UPDATE: It appears that Calvin College will no longer be hosting the event.
The American Decency Association plans to host Kamal Saleem, who claims to be a former terrorist, at Calvin College as part of a tour of Michigan. Saleem’s story of working as a terrorist all over the globe has been thoroughly debunked, but he continues to be an idol of Religious Right groups. He even spoke at last year’s Values Voter Summit following Paul Ryan where he warned that Secretary of State Hillary Clinton plans to “shut down” churches and synagogues.

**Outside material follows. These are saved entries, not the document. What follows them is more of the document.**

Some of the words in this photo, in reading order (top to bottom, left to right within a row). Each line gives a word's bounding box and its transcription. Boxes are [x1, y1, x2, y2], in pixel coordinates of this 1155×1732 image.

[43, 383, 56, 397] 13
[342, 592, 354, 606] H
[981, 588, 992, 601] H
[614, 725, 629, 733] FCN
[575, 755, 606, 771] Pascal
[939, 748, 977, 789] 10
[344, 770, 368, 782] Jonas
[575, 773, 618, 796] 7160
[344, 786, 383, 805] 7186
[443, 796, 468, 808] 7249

Saleem has argued that President Obama is a Muslim who is using Roe v. Wade “to bring Sharia law” to the U.S. He maintains that Obama wants to make sure that “Sharia law will be supreme in America” by working with “Hamas to import Muslim people to the United States” and “legalizing terrorism.” Saleem even claims that “there are many generals who swore to destroy the United States of America are generals in the United States [military]” and that an Islamic shadow government is secretly running the U.S. through the Obama family babysitter.

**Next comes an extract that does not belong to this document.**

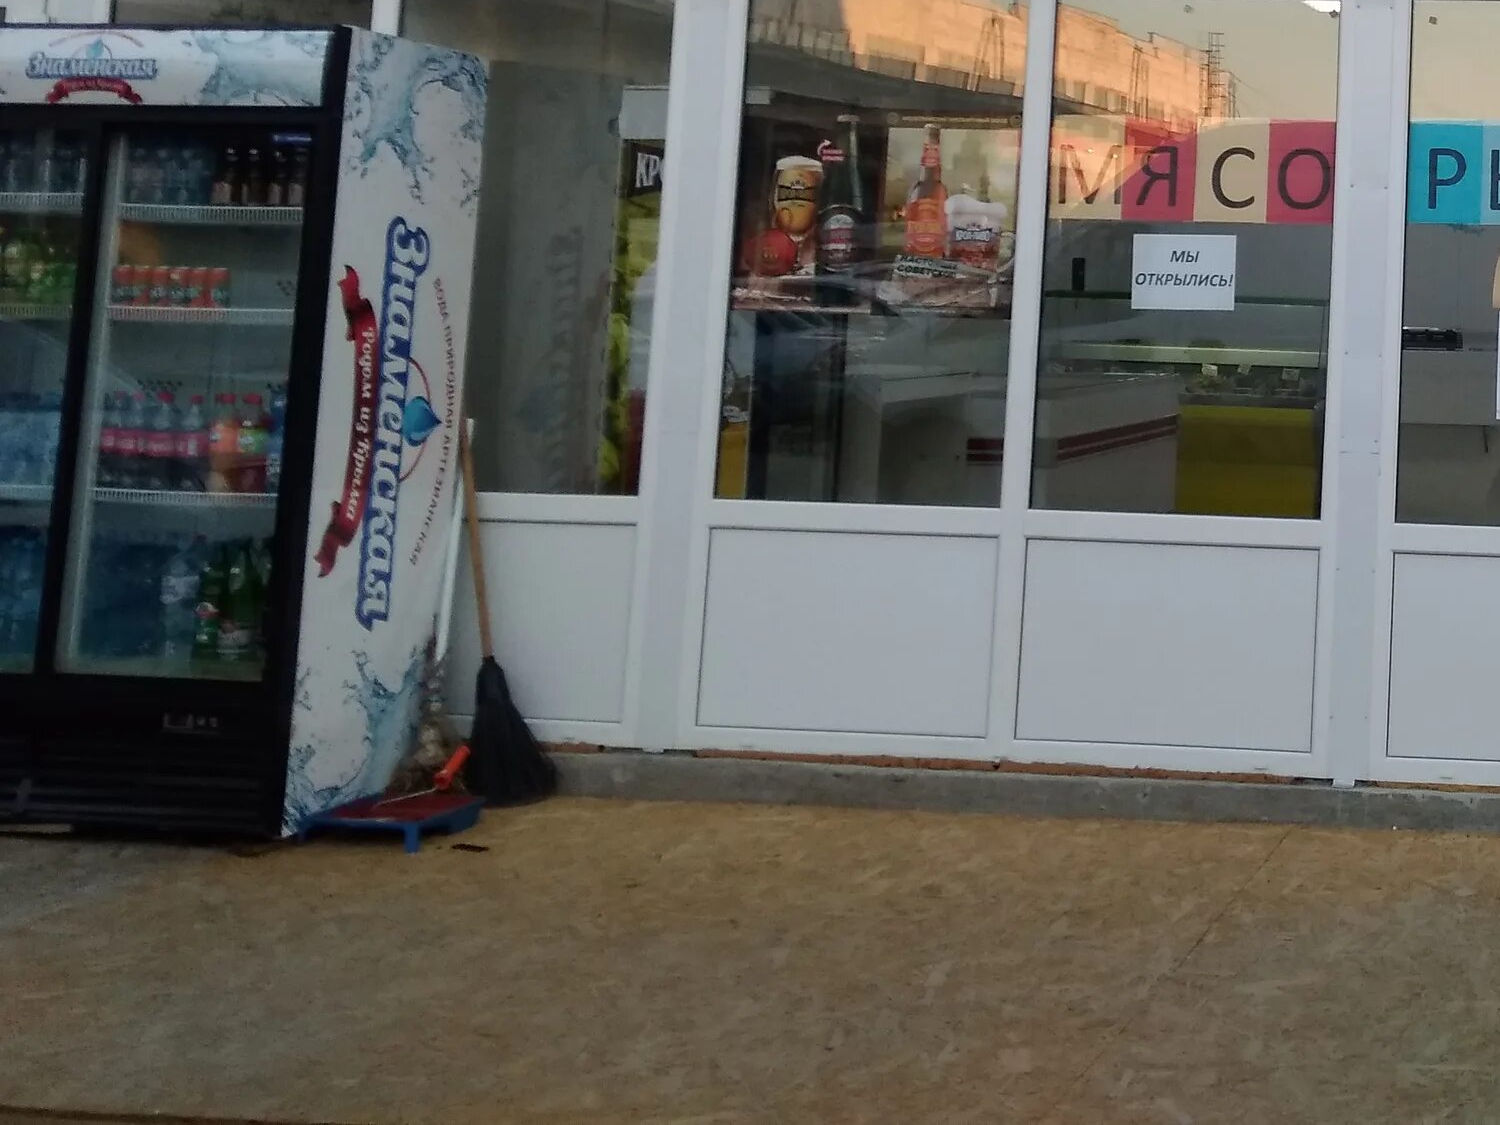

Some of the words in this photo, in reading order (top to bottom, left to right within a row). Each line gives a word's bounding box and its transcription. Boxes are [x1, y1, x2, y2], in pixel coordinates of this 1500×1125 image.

He spoke at Calvin College in 2007, where he met Professor Doug Howard, who went on to write an article for Christianity Today on the “bizarre” and fantastical claims that Saleem makes in his book, The Blood of Lambs.

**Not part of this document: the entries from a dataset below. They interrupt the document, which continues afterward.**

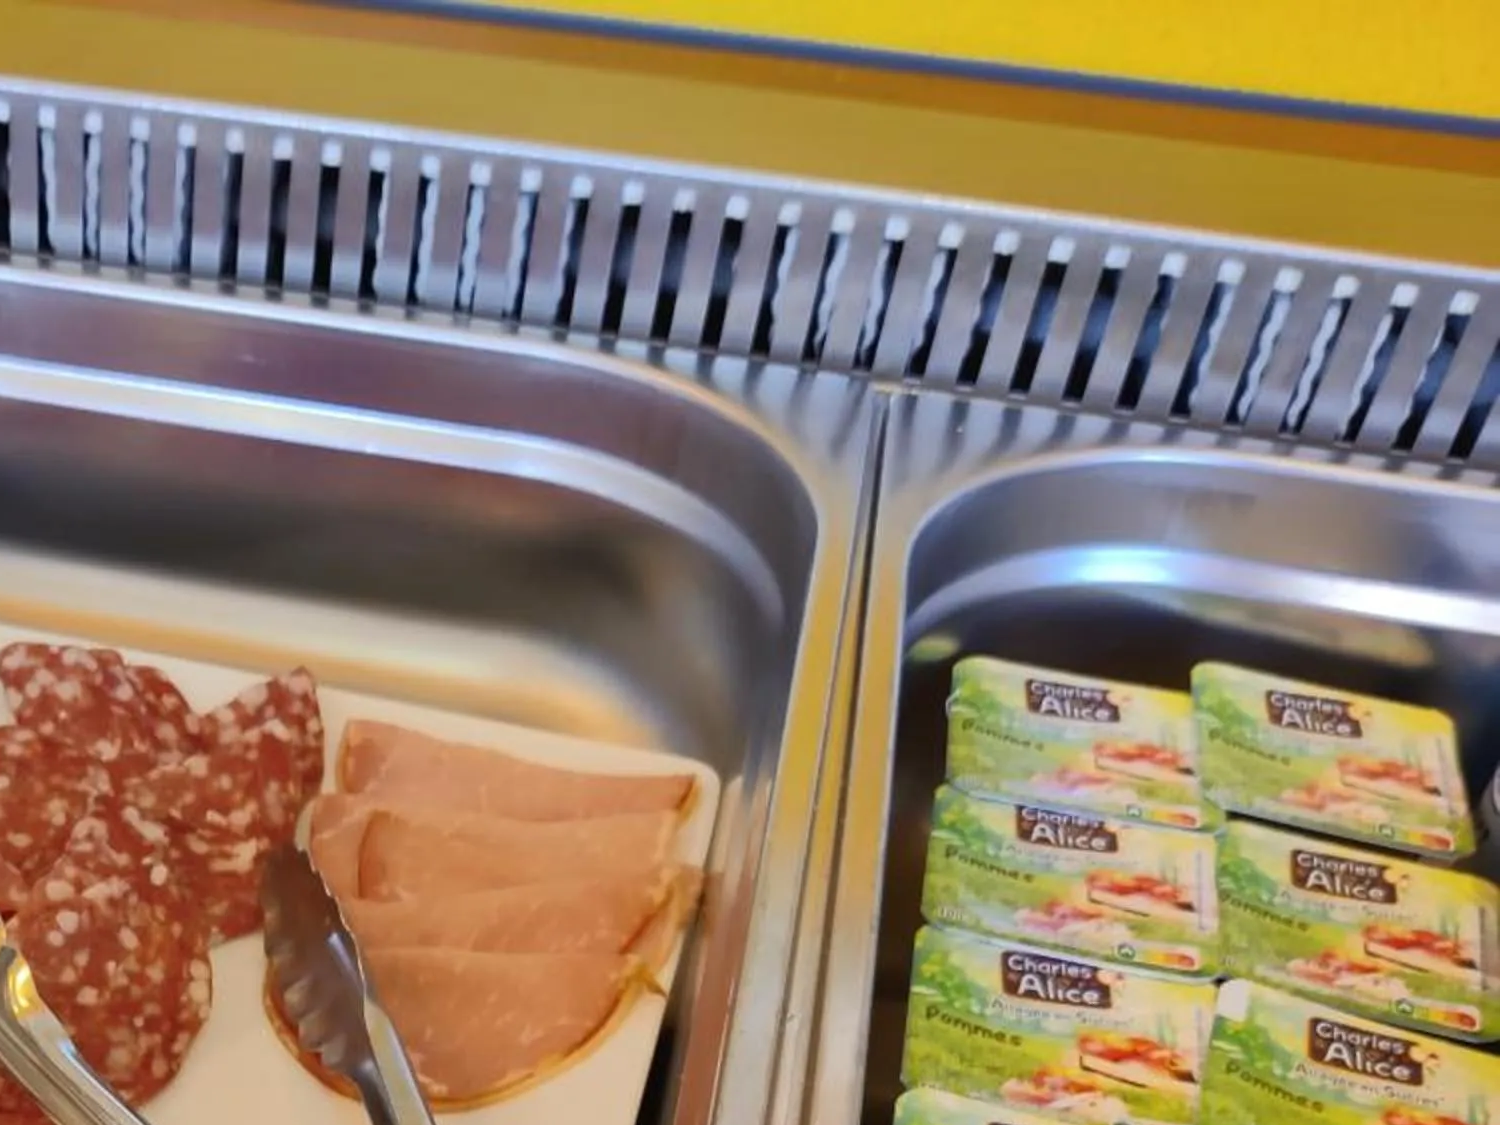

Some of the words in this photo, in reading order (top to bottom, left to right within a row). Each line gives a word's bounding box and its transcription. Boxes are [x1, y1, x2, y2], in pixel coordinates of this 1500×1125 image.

[1040, 696, 1112, 721] Alice
[1270, 693, 1344, 716] Charles
[1281, 708, 1355, 735] Alice
[1031, 824, 1108, 851] Alice
[1296, 853, 1379, 878] Charles
[1305, 870, 1386, 901] Alice
[1007, 954, 1093, 979] Charles
[1017, 973, 1100, 1006] Alice
[1315, 1021, 1405, 1054] Charles
[1324, 1042, 1413, 1081] Alice
[1224, 1059, 1325, 1114] Pommes

Because Howard, like others, raised serious doubts about Saleem’s story, Saleem has accused him of working for the Muslim Brotherhood.
Michelle Goldberg of The Daily Beast reports that “Saleem told me that Howard is an agent of the Muslim Brotherhood” and in an interview with Tim Murphy of Mother Jones, Saleem asserted that Howard supports radical Islam:
But Saleem didn't flinch. "He's related to a special group called the Muslim Brotherhood, and he works with them, he went to DC, he was with CAIR," he said.
I mentioned that Howard is a Christian, which makes him an odd fit for the Brotherhood.
"So? He's a professor of history. Islamic history professor, and he's writing on what? On Islamic history glory. So the group he's with, there are different groups. He rallied with them in DC, and he invited an Iranian radical to Calvin University. They spoke right there." That Iranian radical, it turns out, was Reza Aslan, who in addition to being an American citizen raised in the Bay Area, is famous mostly for suggesting that democracy is a useful weapon against terrorism.
("I don't know what to say! Maybe I should add that to my faculty web page," joked Howard in an email, adding that as part of his semester in DC, he took students to meet with the US Conference of Catholic Bishops, AIPAC, the Mennonites Central Committee, and, yes, one trip to a mosque.)
But now, Saleem is once again set to speak at a college which he believes is employing a Muslim Brotherhood agent who is part of an alliance between professors and terrorists.